Open Xarno opened 1 year ago
I found a workaround when I add the swap size to the the memory size before sending it to the elastic beanstalk service.
/opt/elasticbeanstalk/lib/ruby/lib/ruby/gems/2.6.0/gems/healthd-sysstat-1.0.3-universal-linux/lib/healthd-sysstat/plugin.rb -> see "Change Start"

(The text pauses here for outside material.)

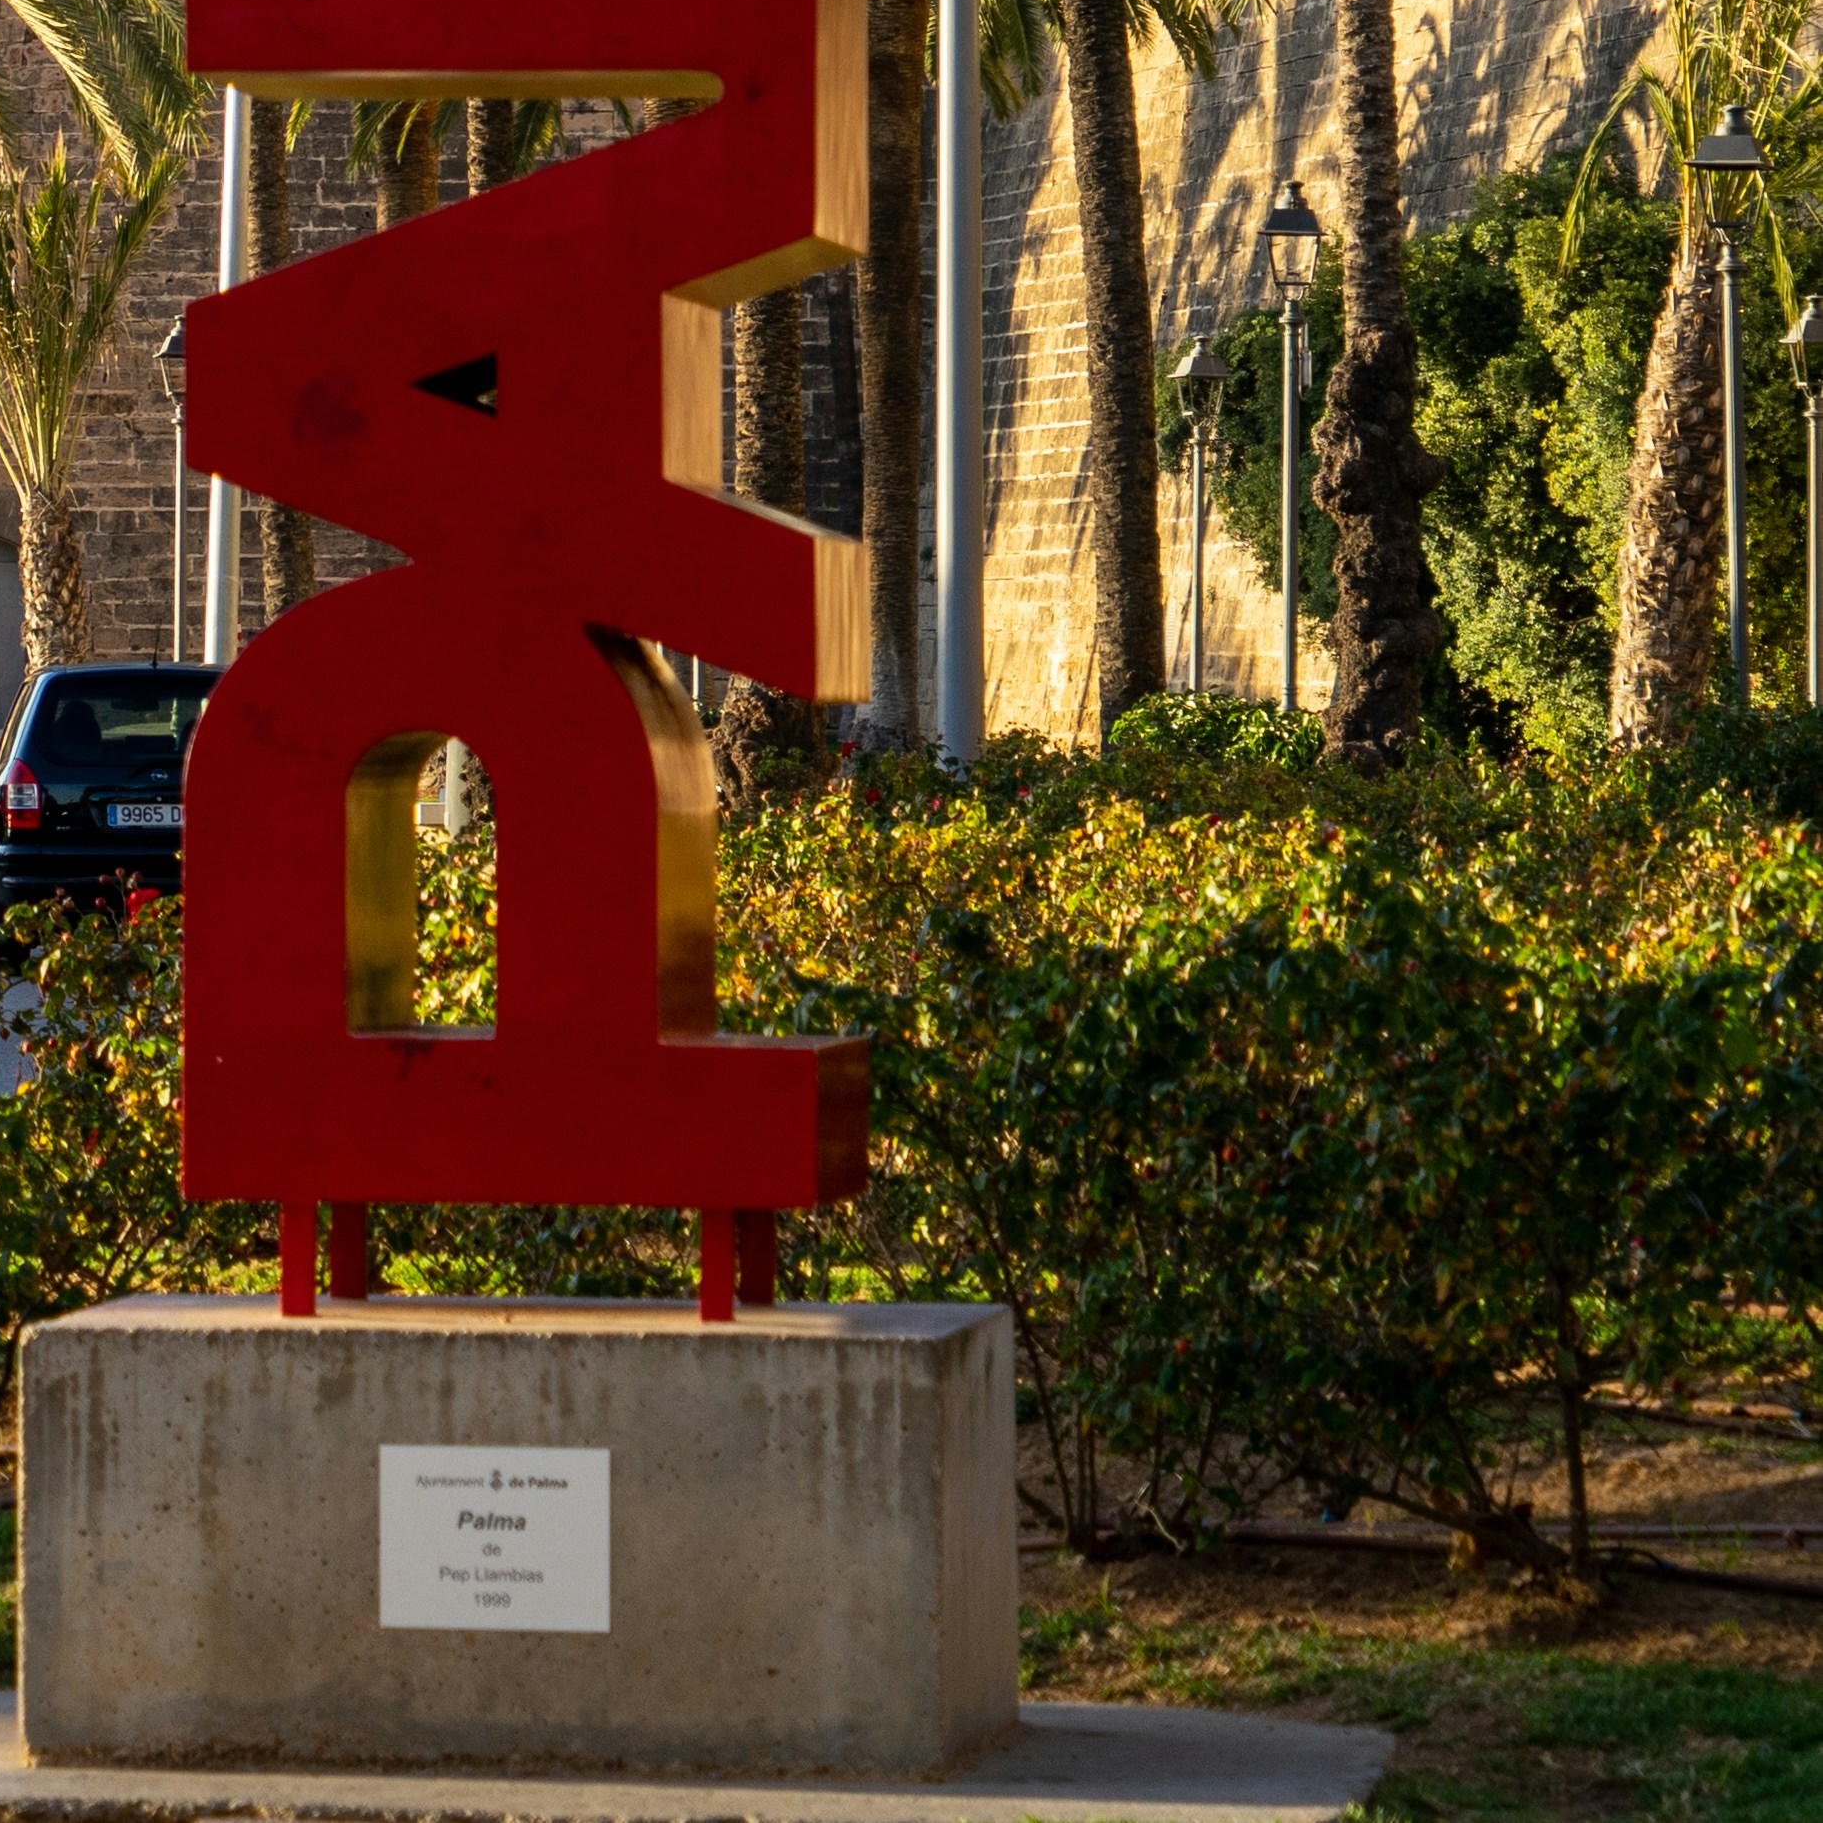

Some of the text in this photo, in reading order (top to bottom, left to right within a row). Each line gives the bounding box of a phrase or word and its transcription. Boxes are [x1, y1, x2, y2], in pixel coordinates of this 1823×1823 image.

require 'healthd/daemon/plugins/fixed_interval_base'
require 'healthd/daemon/logger'
require 'executor'
module Healthd
module Plugins
module Sysstat
class Plugin < Daemon::Plugins::FixedIntervalBase
namespace 'system'
include Executor
@@loadavg_path = '/proc/loadavg'
@@stat_path = '/proc/stat'
@@meminfo_path = '/proc/meminfo'
@@cpuinfo_path = '/proc/cpuinfo'
@@diskspace_refresh_after = 300
@@cpuinfo_regexp = /^processor\s*:/
@@meminfo_regexp = /([\w\(\)]+):\s+([0-9]+)/
@@meminfo_keys = {
'MemTotal' => 'mem_total',
'MemAvailable' => 'mem_available',
'MemFree' => 'mem_free',
'Buffers' => 'buffers',
'Cached' => 'cached',
'SwapCached' => 'swap_cached',
'SwapTotal' => 'swap_total',
'SwapFree' => 'swap_free'
}
@@pid_name_regexp = /.*\/(.*)\.pid$/
def setup
# initialize cpu_usage
cpu_usage
end
def snapshot
data = {}
data = loadavg data
data = cpu_usage data
data = disk_space data
data = meminfo data
data = processor_count data
data = pids data
data
end
private
def loadavg(data={})
h = {}
h['1'],
h['5'],
h['15'] = File.read(@@loadavg_path).split.first(3).collect { |i| i.to_f.round 2 }
data['loadavg'] = h
data
end
private
def cpu_usage(data={})
h = {}
h['user'],
h['nice'],
h['system'],
h['idle'],
h['iowait'],
h['irq'],
h['softirq'] = File.read(@@stat_path).each_line.first.split.drop(1).collect(&:to_i)
delta = h.merge @cpu_usage do |key, current, previous|
current - previous
end if @cpu_usage
@cpu_usage = h
data['cpu_usage'] = delta
data
end
private
def disk_space(data={})
@diskspace_at ||= Time.at 0
@diskspace ||= nil
if Time.now - @diskspace_at > @@diskspace_refresh_after
if stats = fs_stats
@diskspace_at = Time.now
@diskspace = stats
end
end
raise "diskspace statistics not available" unless @diskspace
data['disk_space'] = { '/' => @diskspace }
data
end
private
def fs_stats
output = sh %[stat --file-system --format "%s %b %a" /]
h = {}
h['block_size'],
h['block_count'],
h['free_blocks'] = output.split.collect(&:to_i)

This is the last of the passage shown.